Problem: Could you restate the entries below word for word and leave out the pictures?
Records shown: Begin
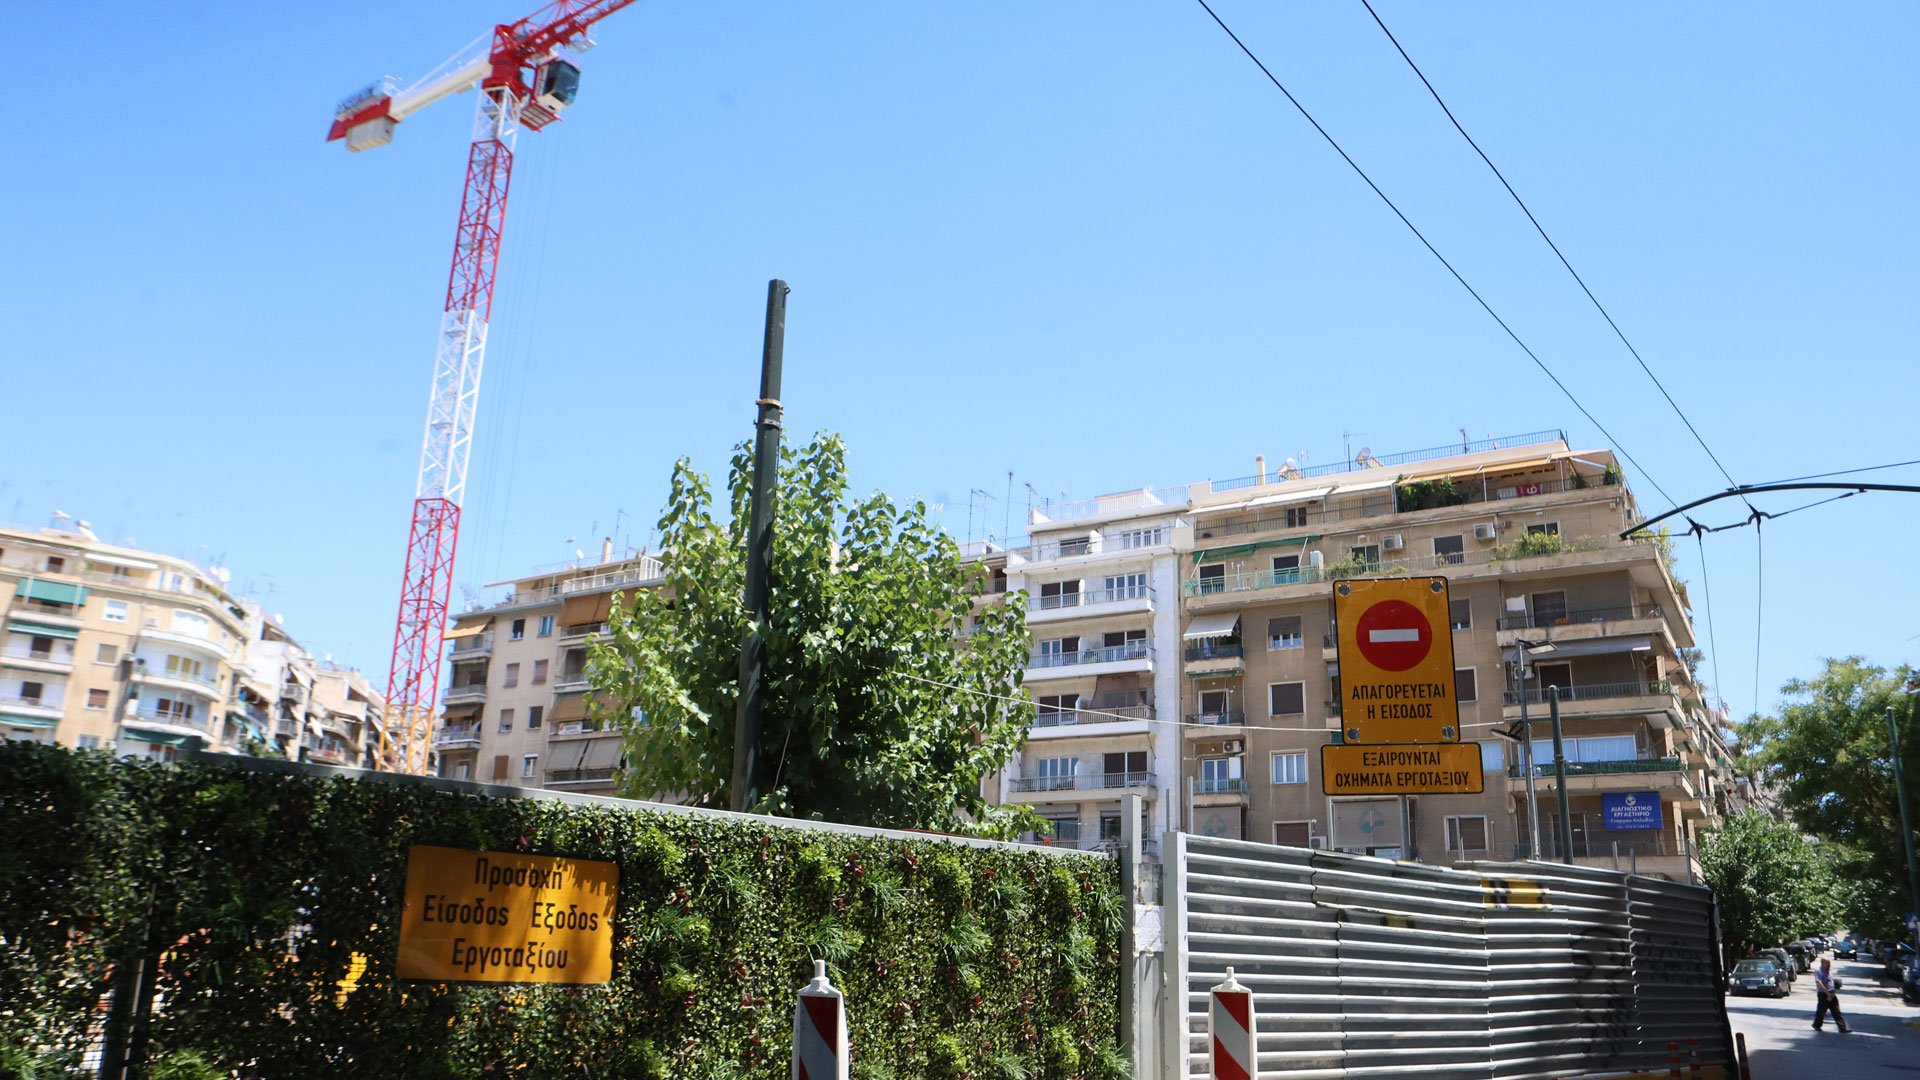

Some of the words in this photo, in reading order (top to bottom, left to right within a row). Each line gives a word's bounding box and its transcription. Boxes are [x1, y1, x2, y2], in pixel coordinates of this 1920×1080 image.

[1352, 683, 1445, 700] ΑΠΑΓΟΡΕΥΕΤΑΙ
[1367, 704, 1376, 719] Η
[1381, 703, 1433, 719] ΕΙΣΟΔΟΣ
[1363, 751, 1441, 767] ΕΞΑΙΡΟΥΝΤΑΙ
[1335, 772, 1392, 787] ΟΧΗΜΑΤΑ
[1397, 771, 1469, 786] ΕΡΓΟΤΑΞΙΟΥ
[474, 857, 563, 892] Προσοχή
[423, 894, 509, 927] Είσοδος
[531, 902, 598, 935] Εξοδος
[452, 938, 568, 974] Εργοταξίου
Records shown: End
Result:
Some of the words in this photo, in reading order (top to bottom, left to right within a row). Each line gives a word's bounding box and its transcription. Boxes are [x1, y1, x2, y2], in pixel coordinates of this 1920×1080 image.

[1352, 683, 1445, 700] ΑΠΑΓΟΡΕΥΕΤΑΙ
[1367, 704, 1376, 719] Η
[1381, 703, 1433, 719] ΕΙΣΟΔΟΣ
[1363, 751, 1441, 767] ΕΞΑΙΡΟΥΝΤΑΙ
[1335, 772, 1392, 787] ΟΧΗΜΑΤΑ
[1397, 771, 1469, 786] ΕΡΓΟΤΑΞΙΟΥ
[474, 857, 563, 892] Προσοχή
[423, 894, 509, 927] Είσοδος
[531, 902, 598, 935] Εξοδος
[452, 938, 568, 974] Εργοταξίου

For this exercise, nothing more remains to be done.